Eventually rents raises so high that the original bohemians, artists, hipsters, urban pioneers, can no longer afford to live there, and must move out of the neighborhoods they helped create and design. And this opens the door for super gentrification, as Zukin calls it. But that is another conversation all together.

 

The Corner Bar

I sat at the bar. The dark, dank, smoke stained and saturated wood panel walls, create an atmosphere of comfort, and I languish in its embrace. Over the old, poly’d bar-top, hang three stained glass lamps, Schlitz mosaically emblazoned in blood red, against a field of green and yellow glass, held together by poorly soldered lead–small streaks of the poisonous metal trailing down shards of glistening colored glass. Encased by these hemispheres, dull, forty watt, yellowish bulbs, strain to brighten the room, but it is as if the lost hopes and damaged dreams of the patrons, swallow the light, which struggles against the stygian gloom. In the corner, an old, outdated, cigarette vending machine still occupies a space lost in time, as if a temporal vortex has opened up a conduit, a wormhole, transporting this bar space to the 1970s. The only update, that makes this machine modern, is the dollar changer, which is affixed to the wood veneered machine. The handle’s clear, molded plastic pull knobs, are no longer transparent, but yellowed with age, as if the  nicotine, which stains so many white mustaches of habitual smokers tawny, has jumped from their tobacco stained fingers, to the knobs themselves.

This bar, which lives in two times, torn between the old and the ever changing present–the quickening technology of this age–has a digital jukebox attached to a wall, down and across from the bar.
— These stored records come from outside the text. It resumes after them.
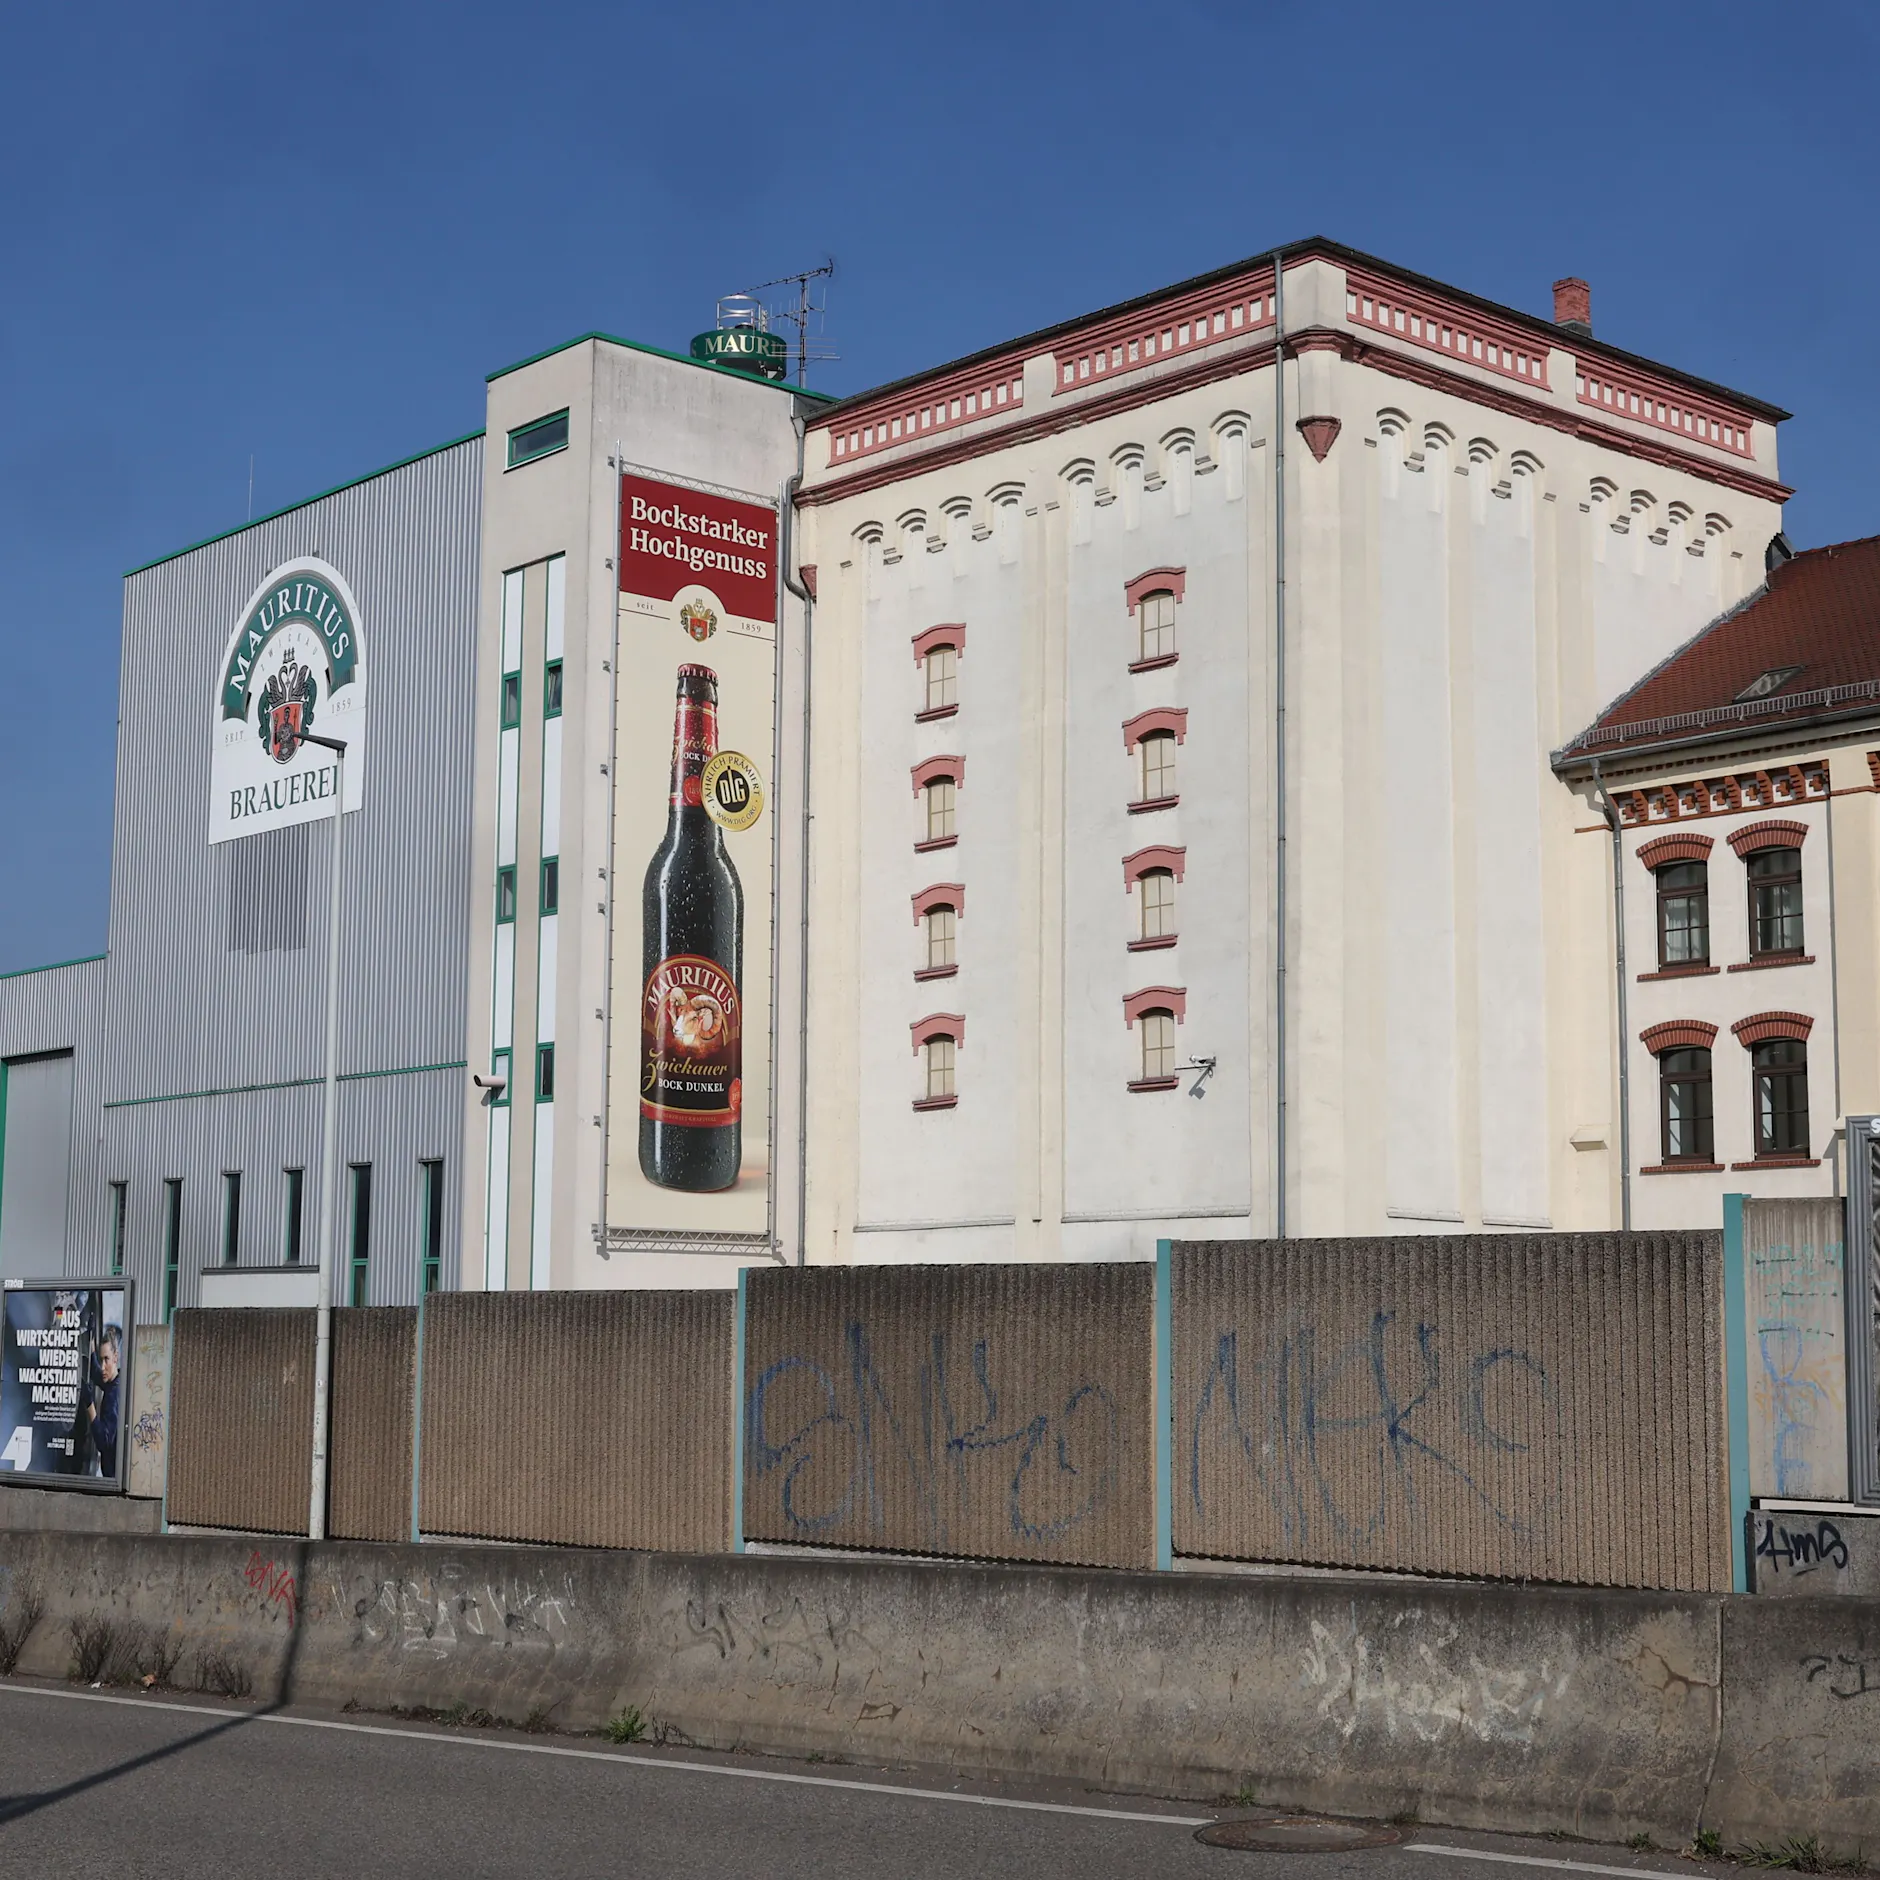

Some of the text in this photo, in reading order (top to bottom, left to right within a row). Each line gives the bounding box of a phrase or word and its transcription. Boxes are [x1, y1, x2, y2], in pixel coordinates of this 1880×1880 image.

[630, 496, 768, 549] Bockstarker
[629, 527, 767, 579] Hochgenuss
[741, 622, 762, 633] 1859
[230, 583, 350, 695] MAURITIUS
[331, 697, 352, 714] 1859
[719, 766, 746, 805] DLG
[728, 756, 760, 796] PRÄMIERT
[647, 965, 735, 1015] MAURITIUS
[642, 1048, 728, 1092] Zwickauer
[658, 1077, 724, 1093] BOCK DUNKEL
[4, 1279, 24, 1289] STRÖER
[60, 1310, 81, 1328] AUS
[16, 1329, 80, 1348] WIRTSCHAFT
[39, 1349, 79, 1367] WIEDER
[18, 1367, 78, 1385] WACHSTUM
[31, 1385, 77, 1404] MACHEN
Its blue digital light, simulating neon, encircles the device which spits out heavy metal, 80’s rock, hair bands, and the occasional indie rock song. The small confine of the bar space echoes the music louder, as there is one volume, excessive. The patrons, all lined up on stools at the bar, sitting along the wall, and standing in any open space, don’t seem to notice the deafening sound, and instead their stentorian voices commingle with the music, creating a cacophony of revolting conversation and death metal.
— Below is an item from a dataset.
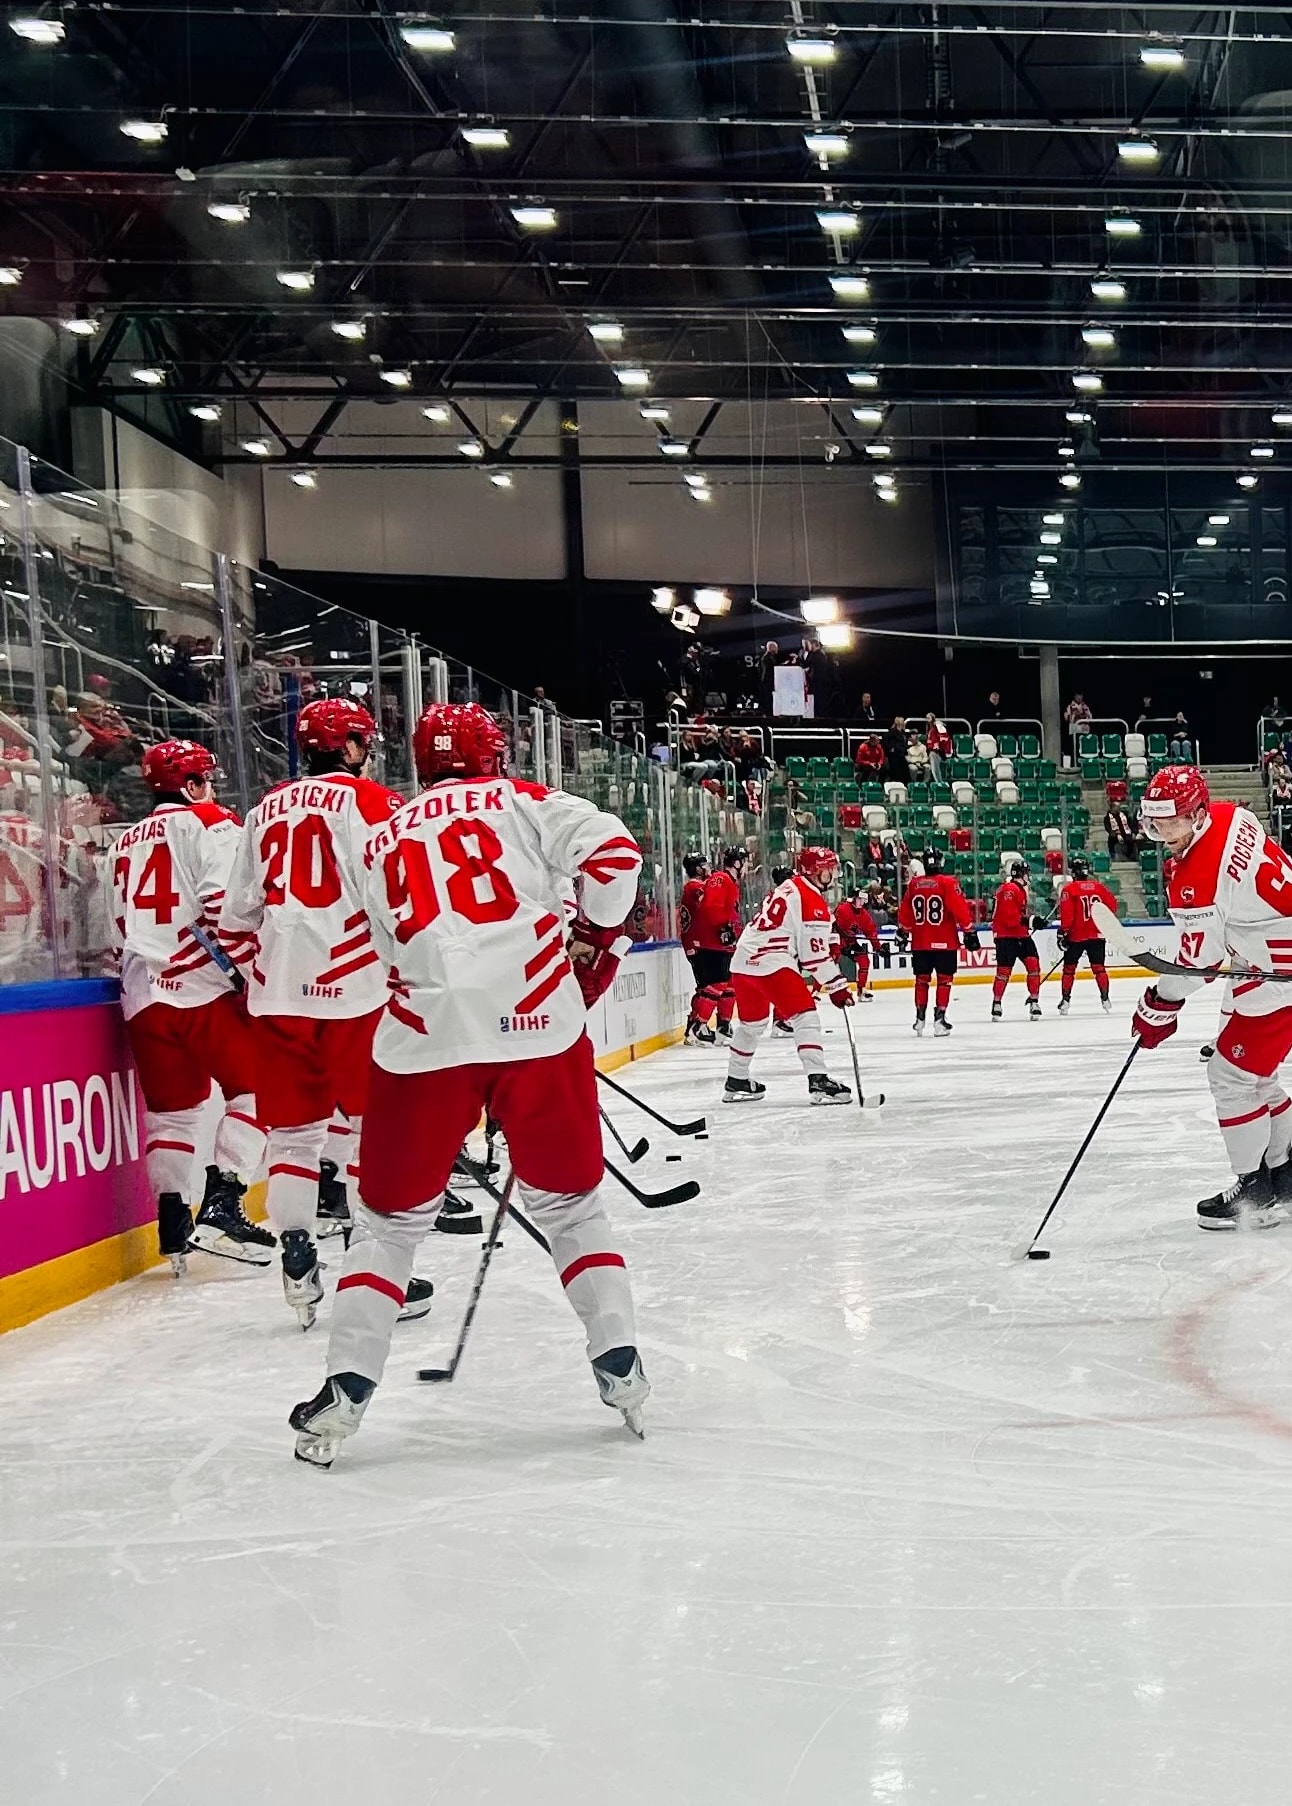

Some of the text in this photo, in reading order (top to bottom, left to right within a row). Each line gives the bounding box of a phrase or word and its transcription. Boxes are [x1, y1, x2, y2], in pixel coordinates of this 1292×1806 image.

A ‘Gansett in hand, and cheap shot of Old Crow sitting next to it, my writing ambitions wane away. Like an hour glass, my zeal for literary pursuits are grains of sand, slowly sifting, dropping into oblivion, one astringent sip at a time. Pen in hand, and composition book open, I spill a drop of amber colored liquid, of what passes for whisky, onto the clean, virginal, white page, lined by a pale, cornflower blue. No words to spare, I tap my pen against the empty space, the void of memory, the dearth of prose, which builds a frustration inside me.
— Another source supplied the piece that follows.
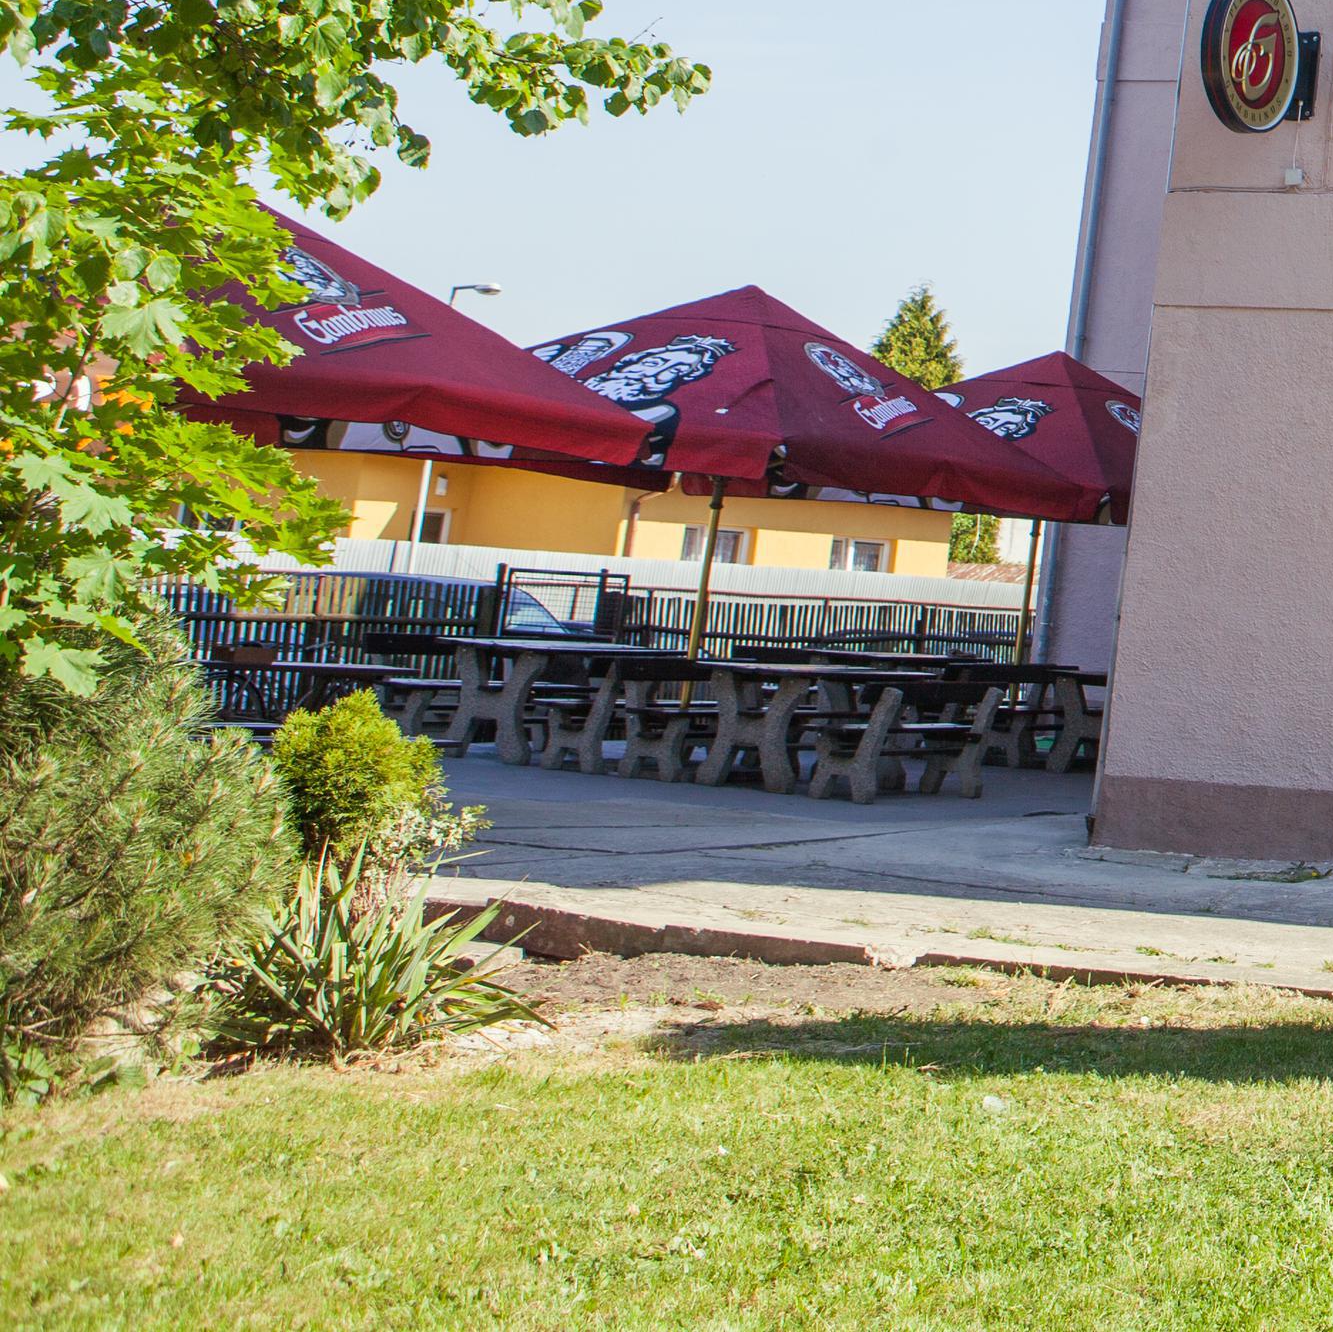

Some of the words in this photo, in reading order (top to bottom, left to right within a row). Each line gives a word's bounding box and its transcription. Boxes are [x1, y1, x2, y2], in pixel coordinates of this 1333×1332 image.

Tipping back the tallboy ‘Gansett, the bartender comes over. Her wrinkled hand touches mine as she seeks my attention.

“Nother, hun.”

“Sure thing.”

I turn my attention back to the bar. The couple sitting in the dark corner practically fucking, the hipster picking music off the jukebox, the older woman sitting next to me, her flaxen dry hair cut to a bob, they are all rich characters. These are my people, my characters, they inhabit the pages of my notebook, and find their way into my stories. They may never know it, but they will be immortalized in words, and their essence, even if it is a small, superficial bit, transferred to some literary persona. Their actions are fodder for my work, and farmed like potatoes plucked from the field, but that is for later. Tonight, I drink.

As I tip back the can, I converse with the woman next to me. We drink, we commiserate, and I find a character, the lonely barfly, the empty vessel, the lost soul, and then I wonder, what character will she play?